[Date Prev][Date Next] [Chronological] [Thread] [Top]

(ITS#5525) libldap causes a core dump due to accessing freed memory



Full_Name: Paul Smith
Version: 2.4.7
OS: Ubuntu 8.04
URL: 
Submission from: (NULL) (65.78.30.67)


I've been trying to track down a crasher in Evolution's Exchange server backend,
and I believe it's a bug in OpenLDAP's libldap.  The core manifests as an
assert() in io.c:ber_flush2(), but by using valgrind I can see that the real
problem is using already-freed memory.

You can see various backtraces and valgrind outputs in the Gnome bug tracking
system here: http://bugzilla.gnome.org/show_bug.cgi?id=512605  Note that the
later stack traces are better as I've installed debugging versions of OpenLDAP
so there are better symbols shown.

In Evolution we have a loop we use to look up global contacts, which looks like
this:

        for (try = 0; try < 2; try++) {
            ldap_error = get_gc_connection (gc, op);
            if (ldap_error != LDAP_SUCCESS)
        	return ldap_error;
            ldap_error = ldap_search_ext (gc->priv->ldap, base, scope,
        			          filter, (char **)attrs,
        			          FALSE, NULL, NULL, NULL, 0,
        			          &msgid);
            if (ldap_error == LDAP_SERVER_DOWN)
        	continue;
            else if (ldap_error != LDAP_SUCCESS)
        	return ldap_error;
        
            ldap_error = gc_ldap_result (gc->priv->ldap, op, msgid, msg);
            if (ldap_error == LDAP_SERVER_DOWN)
        	continue;
            else if (ldap_error != LDAP_SUCCESS)
        	return ldap_error;
        
            return LDAP_SUCCESS;
        }

where get_gc_connection() eventually calls ldap_ntlm_bind() and where
gc_ldap_result() calls ldap_result().  When the core happens, the first trip
through the for loop here gives an error LDAP_SERVER_DOWN as the return code
from ldap_result().  We go back to the top of the loop, and ldap_ntlm_bind() is
called.  That eventually ends up in ldap_send_initial_request() which invokes
ldap_send_server_request() like this:

        rc = ldap_send_server_request( ld, ber, msgid, NULL,
        	NULL, NULL, NULL );

Inside ldap_send_server_request() we need to find an LDAPConn* structure, but
the one passed in is NULL as is the srvlist, so, we use the default connection:

        if ( lc == NULL ) {
            if ( srvlist == NULL ) {
        	lc = ld->ld_defconn;

Valgrind reports that the very next line, attempting to access lc->lconn_status,
is referencing freed memory:

        if ( lc != NULL && lc->lconn_status == LDAP_CONNST_CONNECTING ) {

So, basically, we know that ld->ld_defconn is a non-NULL pointer pointing to
already freed memory.  This seems like it is a buggy state.

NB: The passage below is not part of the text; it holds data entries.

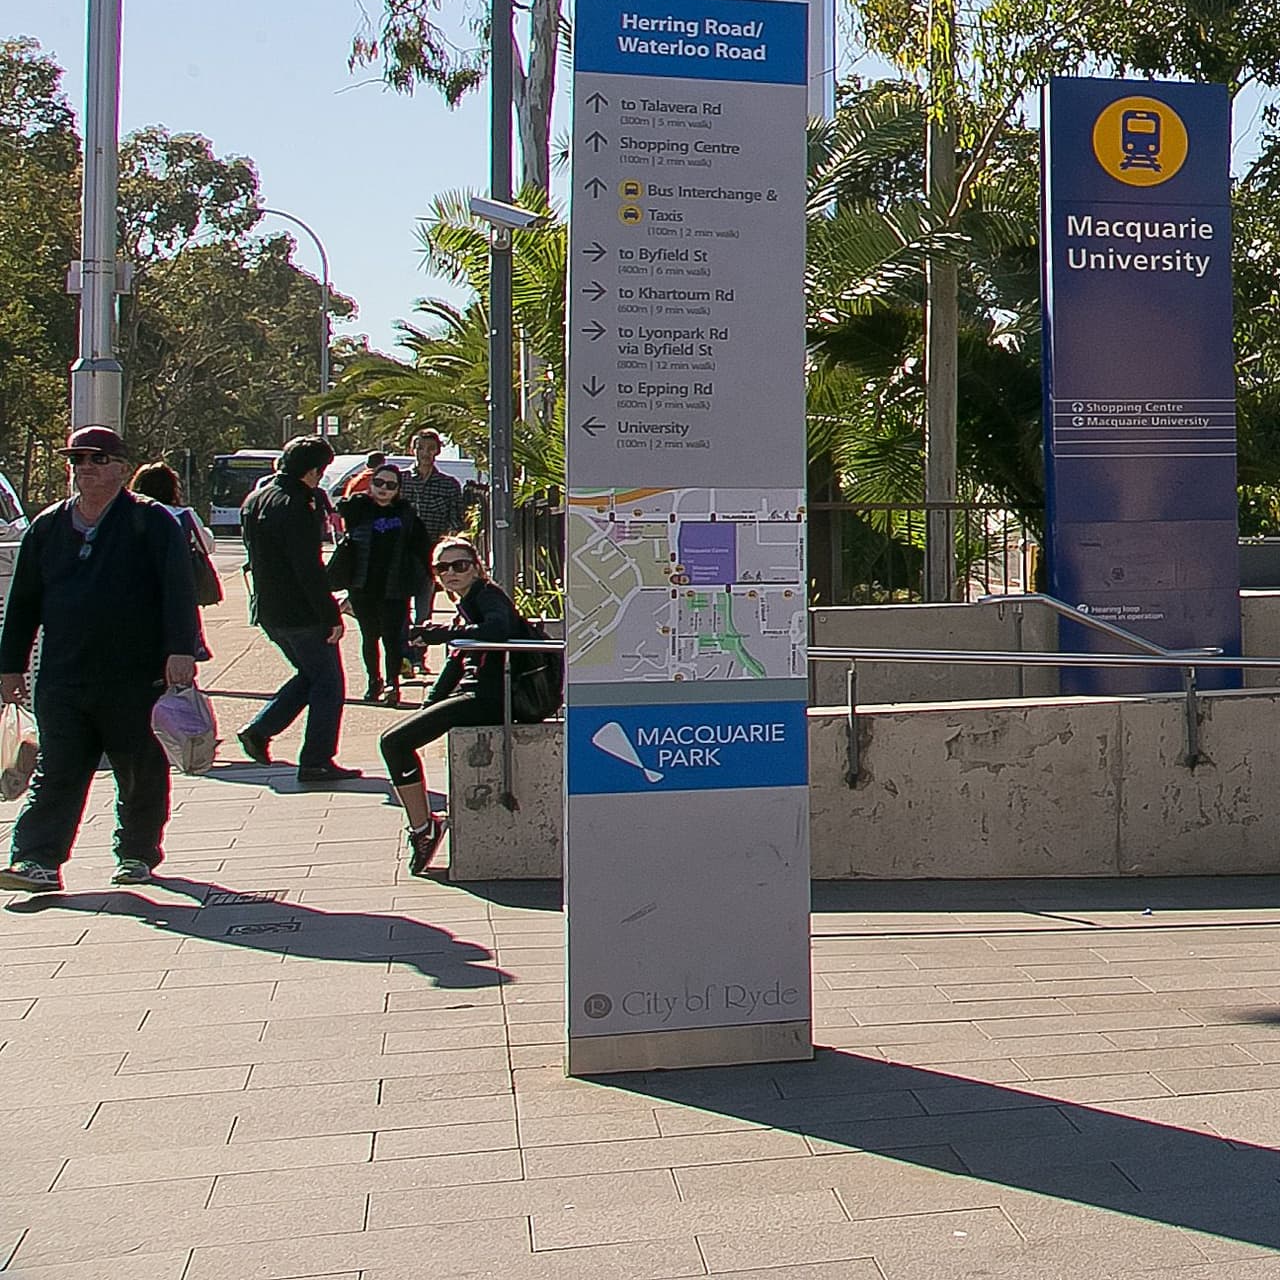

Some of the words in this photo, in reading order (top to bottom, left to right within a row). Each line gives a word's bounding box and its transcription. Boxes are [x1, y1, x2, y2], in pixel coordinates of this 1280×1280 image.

[622, 13, 699, 37] Herring
[705, 19, 764, 38] Road/
[618, 36, 710, 57] Waterloo
[715, 42, 766, 61] Road
[621, 99, 636, 110] to
[639, 99, 698, 114] Talavera
[702, 103, 721, 115] Rd
[620, 136, 689, 155] Shopping
[694, 140, 740, 154] Centre
[648, 184, 673, 197] Bus
[679, 186, 762, 203] Interchange
[766, 189, 778, 201] &
[648, 208, 683, 222] Taxis
[1067, 215, 1214, 243] Macquarie
[619, 249, 634, 259] to
[639, 248, 689, 263] Byfield
[694, 249, 708, 262] St
[1068, 248, 1211, 278] University
[619, 287, 634, 299] to
[639, 287, 710, 300] Khartoum
[715, 289, 734, 301] Rd
[618, 327, 633, 338] to
[638, 326, 705, 341] Lyonpark
[709, 328, 728, 340] Rd
[618, 342, 639, 354] via
[644, 343, 694, 358] Byfield
[699, 344, 713, 356] St
[617, 383, 633, 394] to
[638, 382, 689, 398] Epping
[694, 383, 713, 395] Rd
[1086, 402, 1142, 413] Shopping
[1145, 402, 1183, 412] Centre
[618, 421, 689, 437] University
[1087, 416, 1148, 427] Macquarie
[1151, 416, 1210, 428] University
[637, 723, 785, 746] MACQUARIE
[658, 748, 721, 768] PARK
[622, 991, 678, 1022] City
[724, 980, 798, 1016] Ryde

How did we get here?  In ldap_result() we get into this loop invoking
try_read1msg() (I'm removing the mutex locking for readability, even though it
IS enabled in my version of libldap):

	for ( lc = ld->ld_conns;
	    rc == LDAP_MSG_X_KEEP_LOOKING && lc != NULL; )
	{
	    if ( lc->lconn_status == LDAP_CONNST_CONNECTED &&
		ldap_is_read_ready( ld, lc->lconn_sb ) )
	    {
		rc = try_read1msg( ld, msgid, all, &lc, result );
		if ( lc == NULL ) {
		    /* if lc gets free()'d,
		     * there's no guarantee
		     * lc->lconn_next is still
		     * sane; better restart
		     * (ITS#4405) */
		    lc = ld->ld_conns;

		    /* don't get to next conn! */
		    break;
		}
	    }

	    /* next conn */
	    lc = lc->lconn_next;
	}

Inside try_read1msg() we call "tag = ber_get_next( lc->lconn_sb, &len, ber );"
and if the tag we get back is LBER_DEFAULT, then we declare an error and we free
the connection and set the pointer to NULL:

	case LBER_DEFAULT:
		ld->ld_errno = LDAP_SERVER_DOWN;
		ldap_free_connection( ld, lc, 1, 0 );
		lc = *lcp = NULL;
		return -1;

If you check ldap_free_connection() you'll see that it removes the LDAPConn
pointer "lc" from the list of connections before it is freed.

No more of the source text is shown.